[INPUT — start]

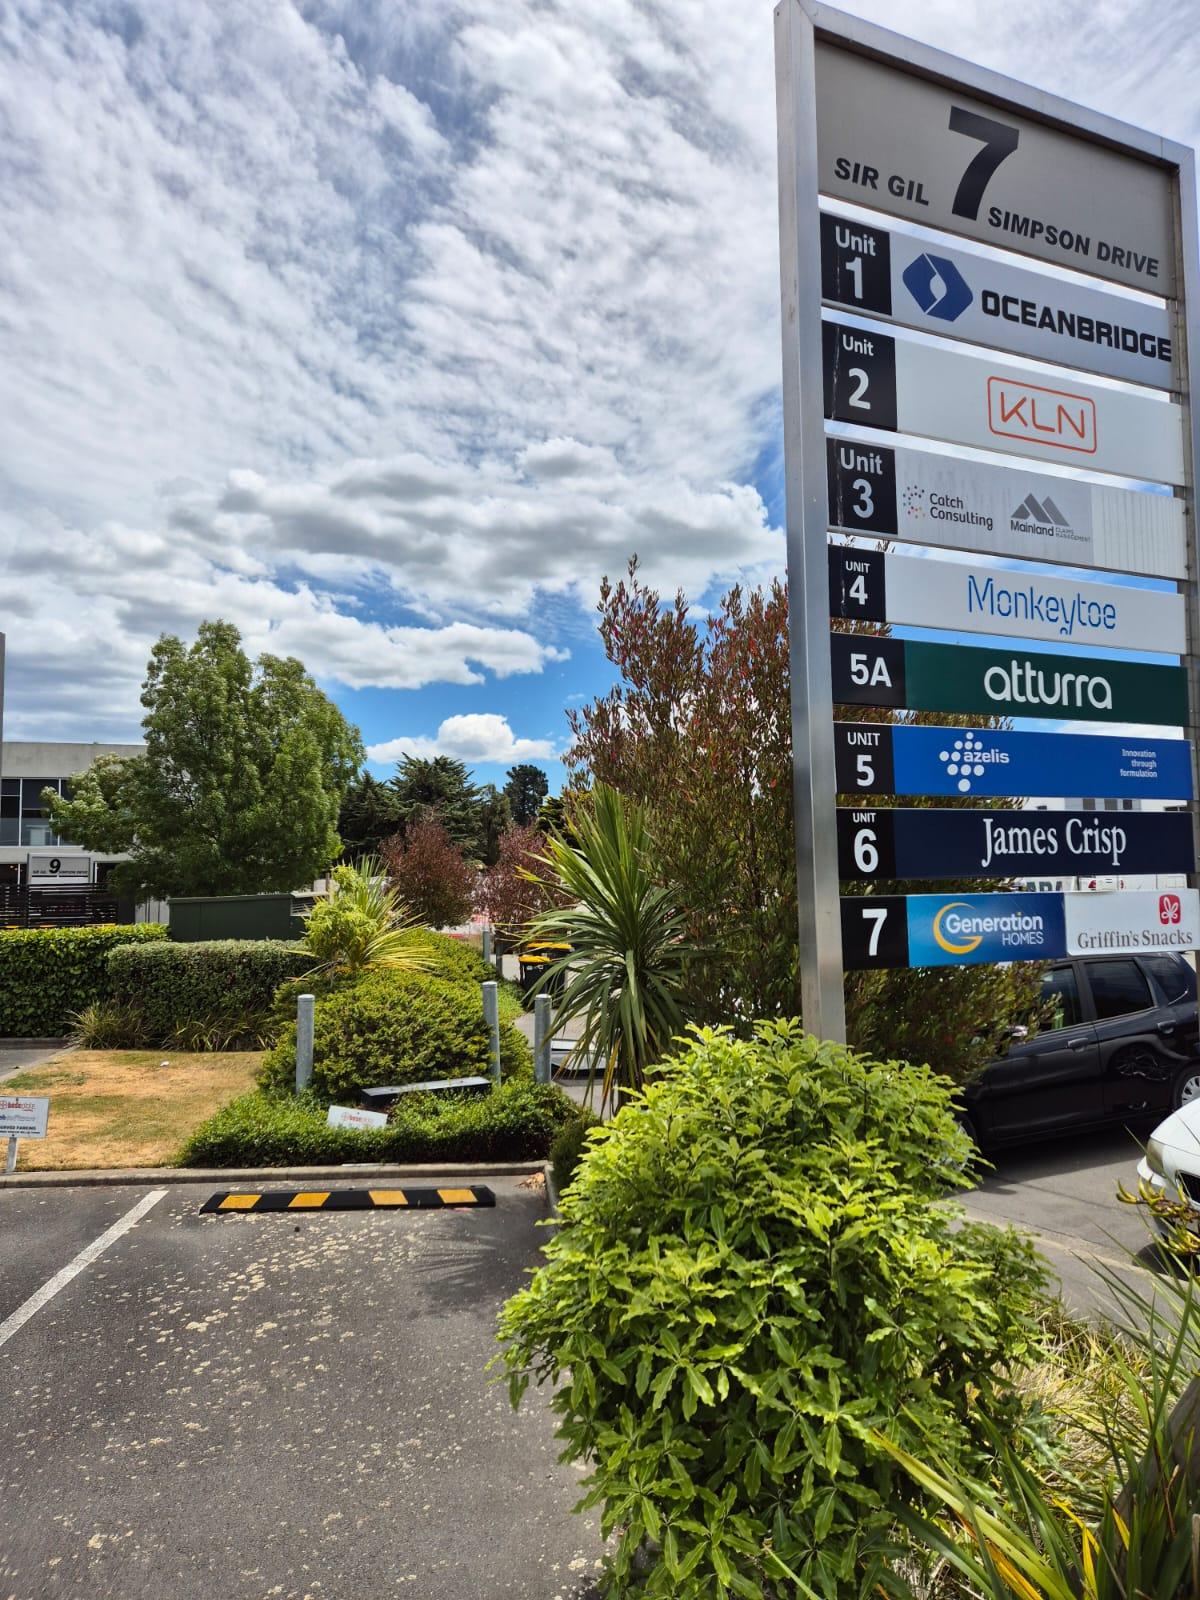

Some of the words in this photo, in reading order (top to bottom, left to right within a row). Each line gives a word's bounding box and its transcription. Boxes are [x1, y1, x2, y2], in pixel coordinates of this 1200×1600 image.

[948, 105, 1020, 220] 7
[834, 157, 878, 190] SIR
[887, 174, 929, 206] GIL
[987, 206, 1090, 256] SIMPSON
[1096, 241, 1159, 278] DRIVE
[834, 225, 877, 257] Unit
[844, 256, 865, 300] 1
[981, 290, 1172, 362] OCEANBRIDGE
[842, 334, 875, 357] Unit
[848, 367, 871, 411] 2
[1000, 391, 1086, 439] KLN
[840, 448, 884, 476] Unit
[852, 478, 875, 519] 3
[929, 493, 964, 510] Catch
[929, 506, 994, 532] Consulting
[1010, 519, 1054, 537] Mainland
[845, 561, 870, 573] UNIT
[849, 575, 868, 605] 4
[967, 575, 1117, 636] Monkeytoe
[850, 653, 892, 687] 5A
[983, 659, 1113, 710] atturra
[847, 732, 881, 747] UNIT
[855, 754, 875, 787] 5
[963, 748, 1010, 764] azelis
[852, 812, 876, 824] UNIT
[853, 828, 879, 873] 6
[981, 818, 1058, 868] James
[1065, 817, 1127, 866] Crisp
[49, 858, 61, 874] 9
[862, 908, 888, 957] 7
[945, 911, 1044, 934] Generation
[1002, 931, 1044, 946] HOMES
[1141, 929, 1193, 947] Snacks

[INPUT — finish]

**TASK DIRECTIONS**
Although the records contain pictures, print only the rest, exactly as written.

**TASK RESULT**
Some of the words in this photo, in reading order (top to bottom, left to right within a row). Each line gives a word's bounding box and its transcription. Boxes are [x1, y1, x2, y2], in pixel coordinates of this 1200×1600 image.

[948, 105, 1020, 220] 7
[834, 157, 878, 190] SIR
[887, 174, 929, 206] GIL
[987, 206, 1090, 256] SIMPSON
[1096, 241, 1159, 278] DRIVE
[834, 225, 877, 257] Unit
[844, 256, 865, 300] 1
[981, 290, 1172, 362] OCEANBRIDGE
[842, 334, 875, 357] Unit
[848, 367, 871, 411] 2
[1000, 391, 1086, 439] KLN
[840, 448, 884, 476] Unit
[852, 478, 875, 519] 3
[929, 493, 964, 510] Catch
[929, 506, 994, 532] Consulting
[1010, 519, 1054, 537] Mainland
[845, 561, 870, 573] UNIT
[849, 575, 868, 605] 4
[967, 575, 1117, 636] Monkeytoe
[850, 653, 892, 687] 5A
[983, 659, 1113, 710] atturra
[847, 732, 881, 747] UNIT
[855, 754, 875, 787] 5
[963, 748, 1010, 764] azelis
[852, 812, 876, 824] UNIT
[853, 828, 879, 873] 6
[981, 818, 1058, 868] James
[1065, 817, 1127, 866] Crisp
[49, 858, 61, 874] 9
[862, 908, 888, 957] 7
[945, 911, 1044, 934] Generation
[1002, 931, 1044, 946] HOMES
[1141, 929, 1193, 947] Snacks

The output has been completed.